No Recife, o bairro de Boa Viagem, um dos cartões-postais da cidade, registrou alta de 8,2% em agosto. A região, que historicamente atrai investidores por sua orla e infraestrutura, viu os preços médios saltarem de R$ 6.450 para R$ 6.980 o metro quadrado, segundo o índice. O movimento é atribuído à entrega de novos empreendimentos de alto padrão e à migração de investidores que buscam ativos com potencial de renda de aluguel de curto prazo, impulsionados pela recuperação do turismo.

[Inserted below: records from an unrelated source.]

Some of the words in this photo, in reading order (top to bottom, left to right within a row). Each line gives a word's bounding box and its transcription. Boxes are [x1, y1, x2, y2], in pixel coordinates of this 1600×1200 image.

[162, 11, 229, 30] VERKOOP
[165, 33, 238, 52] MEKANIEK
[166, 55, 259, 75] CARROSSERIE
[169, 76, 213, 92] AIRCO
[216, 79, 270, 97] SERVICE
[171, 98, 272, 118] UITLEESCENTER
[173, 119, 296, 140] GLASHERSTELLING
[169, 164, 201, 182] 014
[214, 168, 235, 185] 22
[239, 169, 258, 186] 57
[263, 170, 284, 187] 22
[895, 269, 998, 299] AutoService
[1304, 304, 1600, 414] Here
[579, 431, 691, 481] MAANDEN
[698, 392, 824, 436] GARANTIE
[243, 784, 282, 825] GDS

Em São Paulo, a Vila Mariana surpreendeu com 6,4% de valorização no mês, impulsionada pela chegada de novas estações de metrô e pela revitalização de corredores comerciais. O bairro, que já vinha em trajetória de alta desde o início do ano, agora tem preço médio de R$ 12.300/m², segundo o Secovi-SP. A região atrai jovens profissionais que buscam proximidade com o trabalho e qualidade de vida, e os lançamentos imobiliários de médio padrão absorvem rapidamente a demanda.
Já em Belo Horizonte, o bairro de Savassi emplacou 5,7% de valorização, com preço médio de R$ 8.900/m². O mercado local sente o efeito da redução da taxa Selic, que caiu para 9,5% ao ano na última reunião do Copom, em agosto, tornando o crédito imobiliário mais barato. A combinação de juros menores com a oferta limitada de imóveis prontos fez com que os compradores antecipassem negócios, gerando pressão de alta nos preços.

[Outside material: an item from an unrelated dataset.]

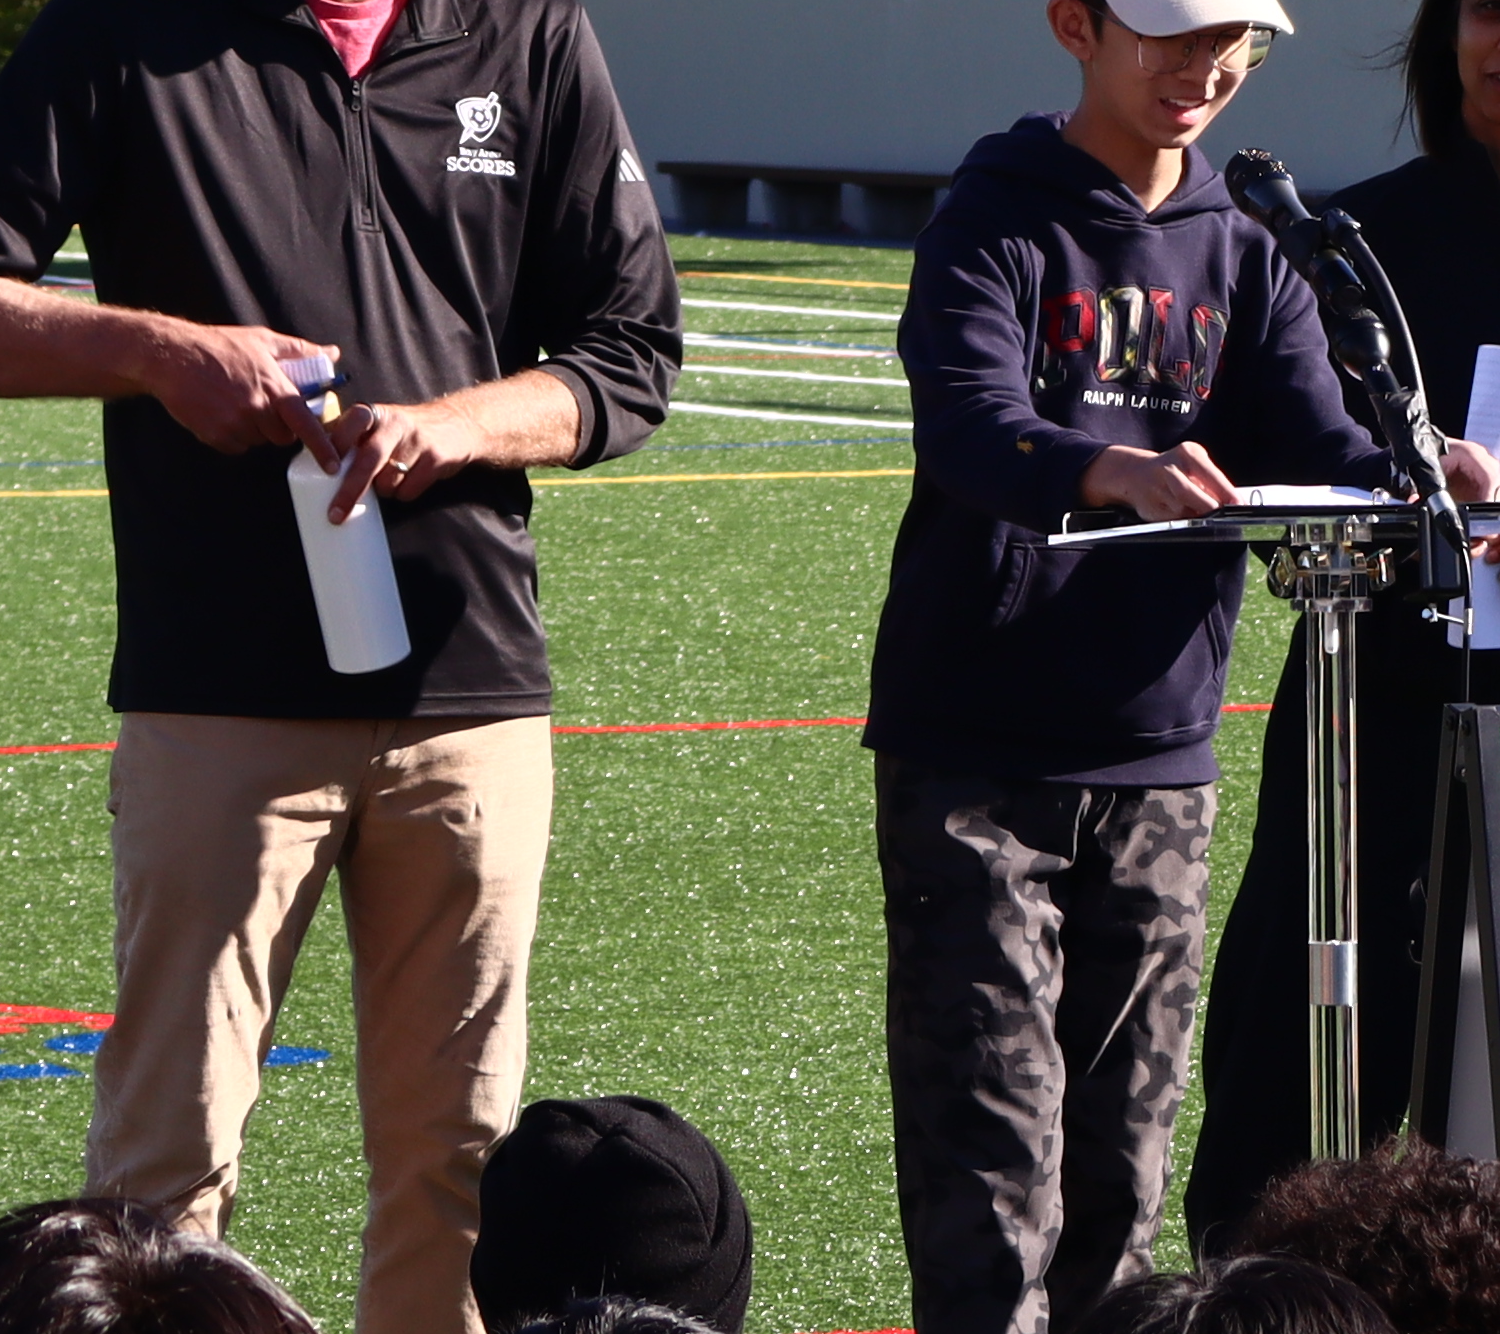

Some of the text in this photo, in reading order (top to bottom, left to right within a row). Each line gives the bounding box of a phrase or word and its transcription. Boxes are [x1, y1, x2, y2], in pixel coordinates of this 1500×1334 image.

[446, 155, 516, 177] SCORES
[1083, 389, 1191, 415] RALPH LAUREN

No Rio de Janeiro, a Tijuca apresentou alta de 4,9%, alcançando R$ 7.350/m². O bairro, tradicionalmente residencial, vem se beneficiando da expansão do teleférico e de projetos de mobilidade urbana. Já em Curitiba, o Batel teve valorização de 4,2%, com preço médio de R$ 10.100/m², puxado pela verticalização e pela atração de investidores de outros estados que buscam diversificação geográfica.
Para o economista da Abrainc, Marcelo Takeda, o cenário é de consolidação: "O que vemos não é um fenômeno pontual, mas uma mudança estrutural. Bairros com boa infraestrutura e potencial de renda estão sendo precificados de forma mais eficiente, e o investidor que atua de forma pragmática está lucrando com isso." Os dados do Banco Central mostram que as concessões de crédito imobiliário cresceram 18% no primeiro semestre de 2026, maior alta desde 2020.

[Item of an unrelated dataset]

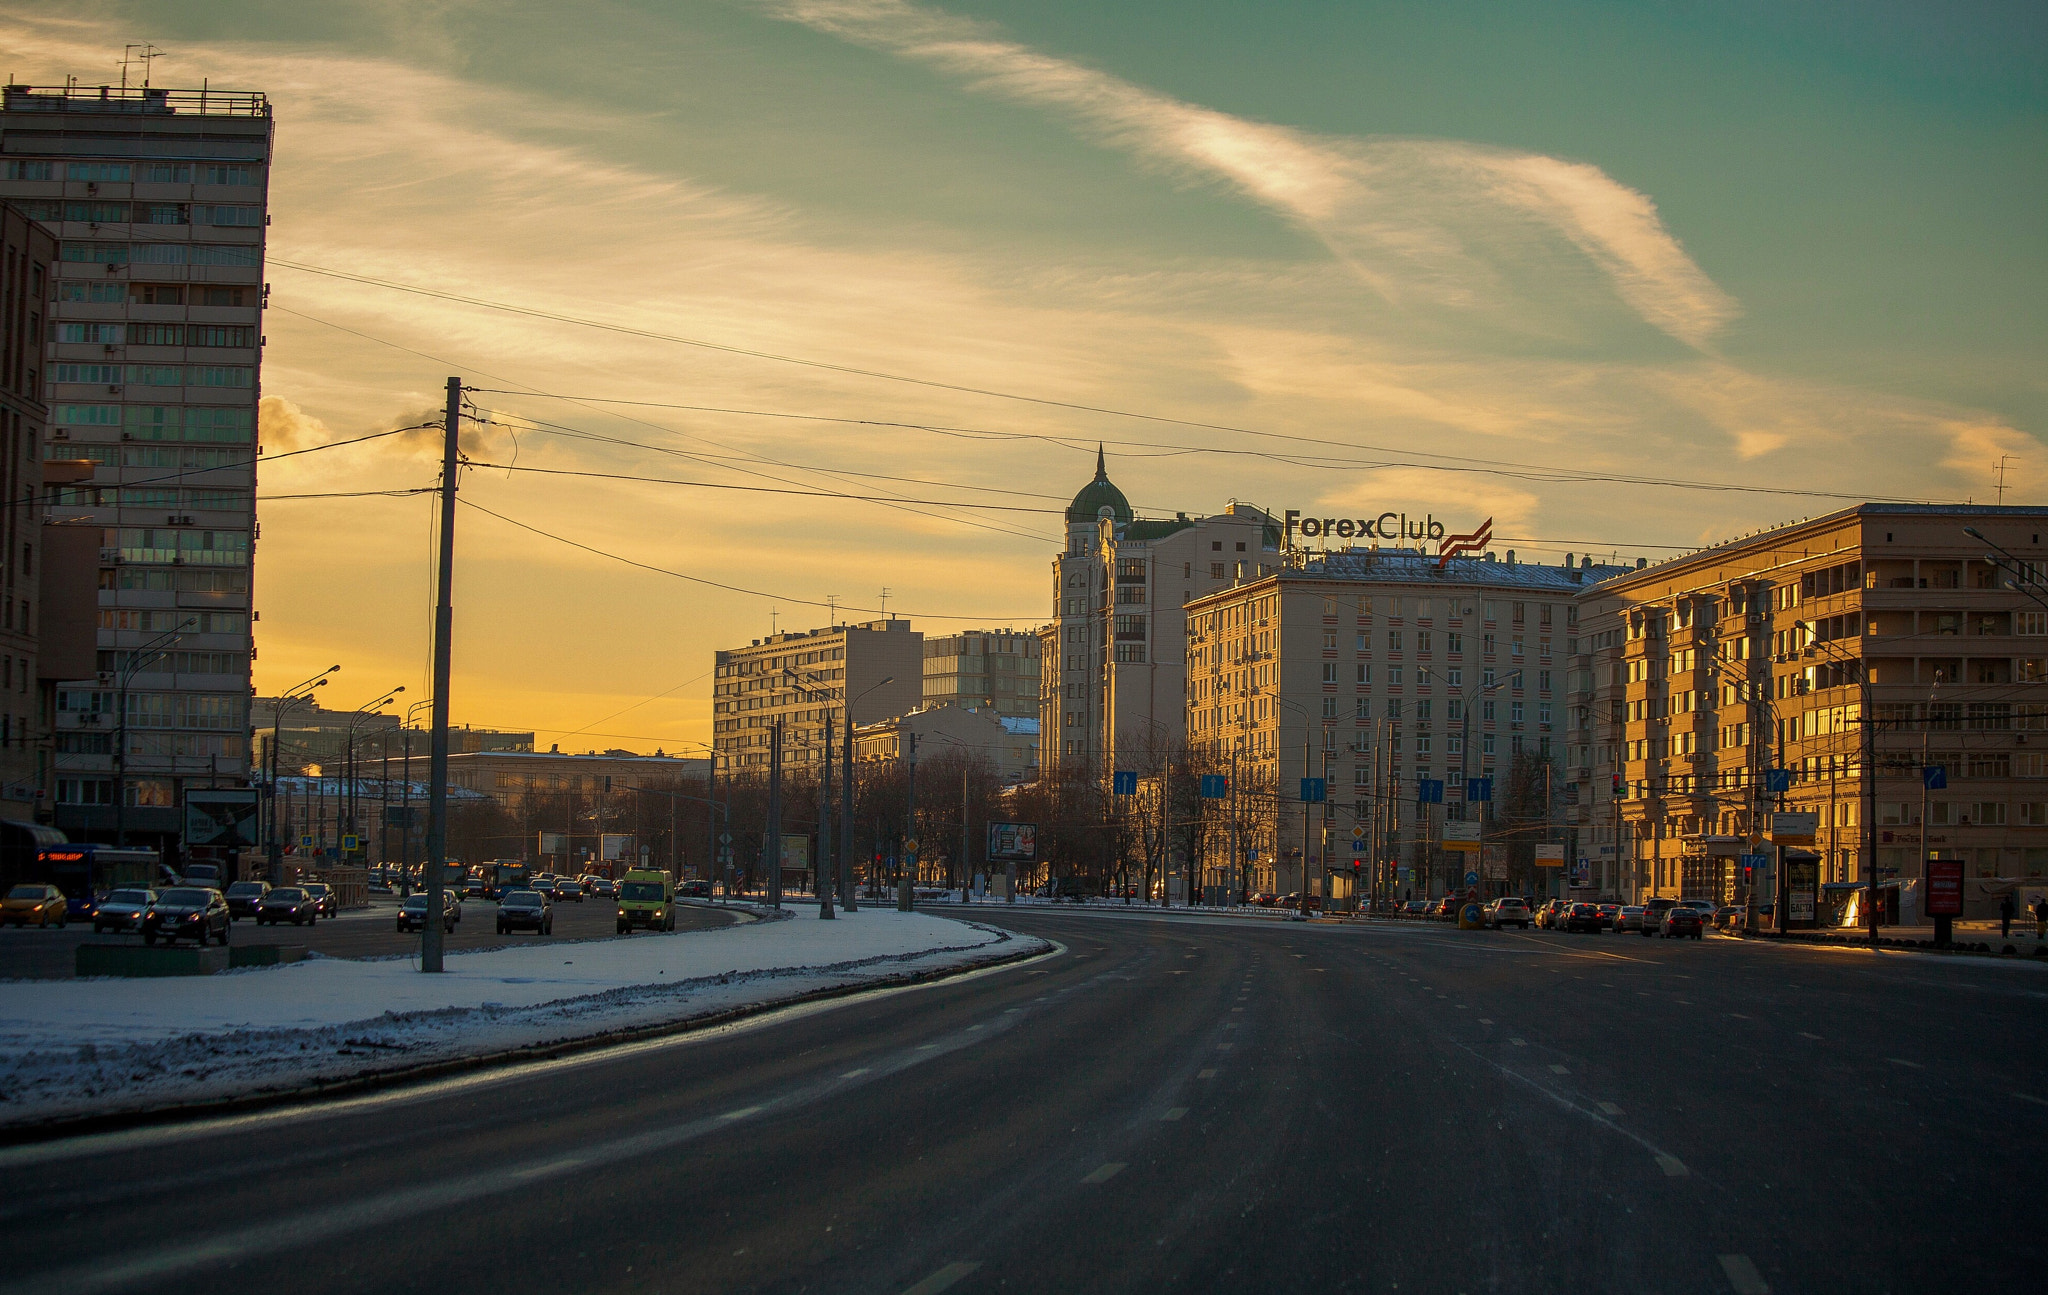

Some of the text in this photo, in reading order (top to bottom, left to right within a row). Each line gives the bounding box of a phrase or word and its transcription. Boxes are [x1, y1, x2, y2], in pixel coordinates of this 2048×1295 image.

[1283, 510, 1445, 540] ForexClub
[1896, 834, 1948, 843] РосЕвБанк
[1790, 903, 1813, 913] БАСТА

Para quem deseja entrar nesse mercado, a recomendação é monitorar a relação entre preço de venda e aluguel, pois bairros com alta rápida podem ter rendimento de aluguel comprimido. "Valorização de 8% em um mês é excelente, mas é preciso analisar se o preço já não está além da capacidade de pagamento da população local", alerta Takeda. A tendência, segundo ele, é que os bairros periféricos das grandes capitais, como a Zona Leste de São Paulo e a Zona Norte do Rio, sejam os próximos a se valorizar.
Com a Selic em queda e o mercado de trabalho aquecido, a expectativa é que a valorização continue em setembro, mas em ritmo mais moderado. O investidor que busca retorno de longo prazo deve ficar atento aos vetores de expansão urbana e à infraestrutura planejada, em vez de perseguir apenas o preço do metro quadrado. A lição de agosto é clara: os ganhos estão nas franjas, não no centro.